WHAT IS EXPECTED: With every line kept intact, print the entries that appear below.

Dataset entries:
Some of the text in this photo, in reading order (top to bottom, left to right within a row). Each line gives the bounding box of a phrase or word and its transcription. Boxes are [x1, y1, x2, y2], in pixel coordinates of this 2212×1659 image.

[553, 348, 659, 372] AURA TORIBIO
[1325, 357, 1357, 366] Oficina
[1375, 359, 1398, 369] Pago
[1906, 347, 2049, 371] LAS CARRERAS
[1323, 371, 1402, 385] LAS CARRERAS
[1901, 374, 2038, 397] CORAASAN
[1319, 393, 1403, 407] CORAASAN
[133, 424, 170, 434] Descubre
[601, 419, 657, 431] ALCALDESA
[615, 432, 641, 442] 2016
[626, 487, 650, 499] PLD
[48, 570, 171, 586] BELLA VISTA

TASK RESPONSE:
Some of the text in this photo, in reading order (top to bottom, left to right within a row). Each line gives the bounding box of a phrase or word and its transcription. Boxes are [x1, y1, x2, y2], in pixel coordinates of this 2212×1659 image.

[553, 348, 659, 372] AURA TORIBIO
[1325, 357, 1357, 366] Oficina
[1375, 359, 1398, 369] Pago
[1906, 347, 2049, 371] LAS CARRERAS
[1323, 371, 1402, 385] LAS CARRERAS
[1901, 374, 2038, 397] CORAASAN
[1319, 393, 1403, 407] CORAASAN
[133, 424, 170, 434] Descubre
[601, 419, 657, 431] ALCALDESA
[615, 432, 641, 442] 2016
[626, 487, 650, 499] PLD
[48, 570, 171, 586] BELLA VISTA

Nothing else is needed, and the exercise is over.